A statue to honor General Sheridan was originally proposed to stand on the north side of Pennsylvania Avenue NW near 13th Street NW,  at what is now Freedom Plaza. Gen. Sheridan's widow advocated to erect the statue at Sheridan Circle instead, with which the statue commission agreed. John Quincy Adams Ward was selected to sculpt the statue. Mrs. Sheridan rejected his original model, saying it was not a good likeness of Gen. Sheridan, and the statue commission rejected Ward's model. The commission and Mrs. Sheridan both approved of a model created by Gutzon Borglum.
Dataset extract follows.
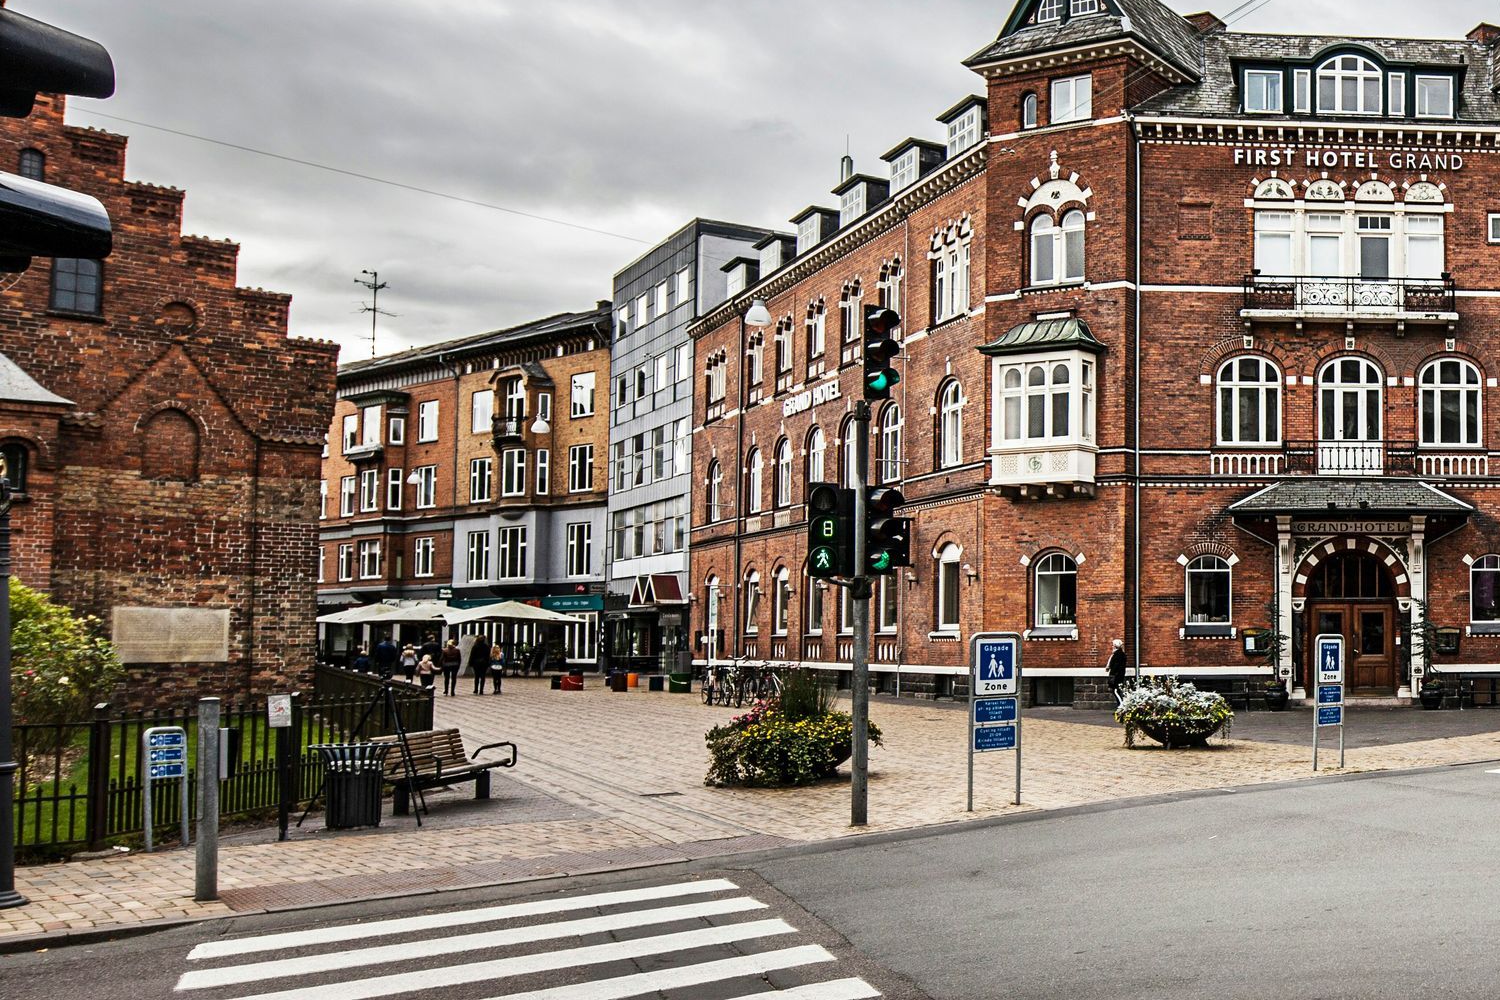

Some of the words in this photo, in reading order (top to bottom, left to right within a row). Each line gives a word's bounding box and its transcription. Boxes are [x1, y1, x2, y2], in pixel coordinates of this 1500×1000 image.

The statue was dedicated on November 27, 1908.

Letelier Monument

On September 21, 1976, Orlando Letelier and Ronni Karpen Moffitt were killed by a car bomb in the circle. Letelier had been foreign minister in the ousted Allende government of Chile. The bombing was blamed on Chilean DINA agents. Michael Townley, a DINA U.S. expatriate among those convicted for the crime, confessed that he had hired five anti-Castro Cuban exiles to booby-trap Letelier's car. According to Jean-Guy Allard, after consultations with the Coordination of United Revolutionary Organizations leadership (including Luis Posada Carriles and Orlando Bosch), those selected to carry out the murder were Cuban-Americans José Dionisio Suárez, Virgilio Paz Romero, Alvin Ross Díaz and brothers Guillermo and Ignacio Novo Sampoll. According to the Miami Herald, Luis Posada Carriles was at the meeting that decided on Letelier's death and also about the Cubana bombing two weeks later. 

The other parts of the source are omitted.